> _PROBLEM REQUIREMENTS_
Every line below must be given again exactly.
[[ EXTRACTED MATERIAL, beginning ]]
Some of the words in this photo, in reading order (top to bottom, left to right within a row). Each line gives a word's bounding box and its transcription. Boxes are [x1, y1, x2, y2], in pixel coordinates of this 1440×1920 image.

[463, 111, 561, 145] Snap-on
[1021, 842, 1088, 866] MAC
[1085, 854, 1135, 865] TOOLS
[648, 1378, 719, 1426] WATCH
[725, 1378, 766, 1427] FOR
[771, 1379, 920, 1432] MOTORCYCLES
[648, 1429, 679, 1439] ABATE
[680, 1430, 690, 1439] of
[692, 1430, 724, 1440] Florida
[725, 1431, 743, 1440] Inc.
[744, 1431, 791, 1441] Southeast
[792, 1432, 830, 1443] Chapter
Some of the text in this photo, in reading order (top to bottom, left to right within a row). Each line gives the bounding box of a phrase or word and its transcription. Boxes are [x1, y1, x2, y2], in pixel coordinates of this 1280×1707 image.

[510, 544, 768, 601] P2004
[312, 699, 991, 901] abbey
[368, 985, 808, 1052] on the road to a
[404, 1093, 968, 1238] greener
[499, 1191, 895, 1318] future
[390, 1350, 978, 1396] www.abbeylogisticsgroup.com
[[ EXTRACTED MATERIAL, end ]]
> _WRITTEN RESPONSE_
Some of the words in this photo, in reading order (top to bottom, left to right within a row). Each line gives a word's bounding box and its transcription. Boxes are [x1, y1, x2, y2], in pixel coordinates of this 1440×1920 image.

[463, 111, 561, 145] Snap-on
[1021, 842, 1088, 866] MAC
[1085, 854, 1135, 865] TOOLS
[648, 1378, 719, 1426] WATCH
[725, 1378, 766, 1427] FOR
[771, 1379, 920, 1432] MOTORCYCLES
[648, 1429, 679, 1439] ABATE
[680, 1430, 690, 1439] of
[692, 1430, 724, 1440] Florida
[725, 1431, 743, 1440] Inc.
[744, 1431, 791, 1441] Southeast
[792, 1432, 830, 1443] Chapter
Some of the text in this photo, in reading order (top to bottom, left to right within a row). Each line gives the bounding box of a phrase or word and its transcription. Boxes are [x1, y1, x2, y2], in pixel coordinates of this 1280×1707 image.

[510, 544, 768, 601] P2004
[312, 699, 991, 901] abbey
[368, 985, 808, 1052] on the road to a
[404, 1093, 968, 1238] greener
[499, 1191, 895, 1318] future
[390, 1350, 978, 1396] www.abbeylogisticsgroup.com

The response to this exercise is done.